Yalanı iş edinme, çok yalan söyleme. Yalan,
kişinin gerçeği saklayıp bildiğinin aksini söylemesidir.
Yalancılık çok çirkin bir huydur. Dinimiz yalanı haram
kılmış ve şiddetle yasaklamıştır.

Yalan rûhî bir hastalıktır, müslümanların
kendilerini bundan korumaları gerekir. Çocuklar daha küçükken doğru
sözlülüğe alıştırılmalı, yalanın
zararları kendilerine anlatılmalıdır.

Cenab-ı Hakk, "Yalan sözden kaçının"
(Hac, 22/60) diye emrettiği halde basit dünya menfaatleri için
yalan söyleyenler vardır. Özellikle yalan yere şahitlik yapmak
çok kötü bir davranış ve büyük bir günah sayılmıştır.
Gerçek bir müslüman kendi aleyhinde de olsa, doğru söylemeli ve
asla yalana yaklaşmamalıdır. Çünkü Allah Teâla şöyle
buyurmuştur:

"Ey iman edenler! Hak üzere durup adaleti yerine
getirmeğe çalışan hâkimler ve Allah için doğru söyleyen
şâhidler olun. Velev ki, o şahitliğiniz nefisleriniz yahut
ana babanızla yakın akrabanız aleyhine olsun. İster
üzerine şahitlik yapılan kimseler zengin veya fakir
bulunsun" (Nisa, 4/135).

Peygamber Efendimiz de, yalan söylemenin ve yalan
şahitlik yapmanın büyük günahlardan olduğunu
ısrarla belirtmiştir (Riyazü's-Sâlihîn, III, 138). Ayrıca
yalanın münafıklık alâmetlerinden olduğunu haber
vermiştir (Müslim, İman, 107).

Dinimizde sadece üç yerde yalan söylemeye izin
verilmiştir:

a) Zulüm ve haksızlığa
uğramış bir adamın can, mal veya namusunun zarar görmekten
kurtarılması için;

b) Dargın olan karı-kocayı veya iki
kişiyi barıştırmak için. Çünkü Rasûlullah,
İnsanlar arasını düzelten, bunun için hayırlı söz
söyleyen ve hayırlı söz ulaştıran kimse yalancı
değildir" (Müslim, Birr ve Sıla, 27) buyurmuştur.

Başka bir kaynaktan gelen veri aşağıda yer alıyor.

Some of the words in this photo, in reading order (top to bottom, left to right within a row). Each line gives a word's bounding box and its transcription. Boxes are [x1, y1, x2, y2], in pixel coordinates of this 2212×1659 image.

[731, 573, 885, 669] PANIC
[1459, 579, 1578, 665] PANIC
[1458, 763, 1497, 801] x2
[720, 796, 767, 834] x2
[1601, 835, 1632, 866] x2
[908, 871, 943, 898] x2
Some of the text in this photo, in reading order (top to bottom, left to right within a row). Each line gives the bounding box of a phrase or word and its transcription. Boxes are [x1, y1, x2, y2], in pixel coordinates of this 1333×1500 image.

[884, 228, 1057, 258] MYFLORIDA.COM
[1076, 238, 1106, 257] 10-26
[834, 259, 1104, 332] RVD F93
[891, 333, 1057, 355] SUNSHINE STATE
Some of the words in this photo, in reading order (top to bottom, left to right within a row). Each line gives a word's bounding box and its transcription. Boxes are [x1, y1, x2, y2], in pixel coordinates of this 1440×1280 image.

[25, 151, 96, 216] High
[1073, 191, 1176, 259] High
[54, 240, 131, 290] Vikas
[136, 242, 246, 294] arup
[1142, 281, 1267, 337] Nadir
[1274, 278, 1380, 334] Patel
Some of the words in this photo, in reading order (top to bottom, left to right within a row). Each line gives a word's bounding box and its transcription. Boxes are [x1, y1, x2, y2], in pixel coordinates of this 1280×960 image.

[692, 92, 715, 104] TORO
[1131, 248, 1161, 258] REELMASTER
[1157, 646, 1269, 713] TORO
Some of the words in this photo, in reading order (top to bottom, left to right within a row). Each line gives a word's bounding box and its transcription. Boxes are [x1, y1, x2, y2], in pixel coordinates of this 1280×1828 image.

c) Harpte düşmanı yenmek için.

Yalanın kötülüğüne gelince, Peygamberimiz
(s.a.s.);

"Yalan kötülüğe, kötülük Cehennem'e
götürür. İnsan yalancılık yapa yapa, nihayet Allah
katında yalancılardan yazılır" (Buharî, Edeb,
69; Müslim, Birr, 103-105) buyurmuştur. Yalanın en büyük
kötülüğü işte budur. Yani, insanı Allah Teâla'nın
rızasından uzaklaştırıp Cehennem'e götürmesidir.
Ayrıca yalan insanları birbirine düşürür, güven
duygusunu yok eder, toplum içinde karışıklıklara
sebep olur; dostlukları yıkar, yerine düşmanlık
tohumları eker. Yalan er geç ortaya çıkacağından,
yalancılar, kendilerine güvenilemeyen, saygı duyulmayan ve
sevilmeyen insanlar durumuna düşerler. Kısaca yalan,
insanı dünyada da ahirette de felâkete sürükler.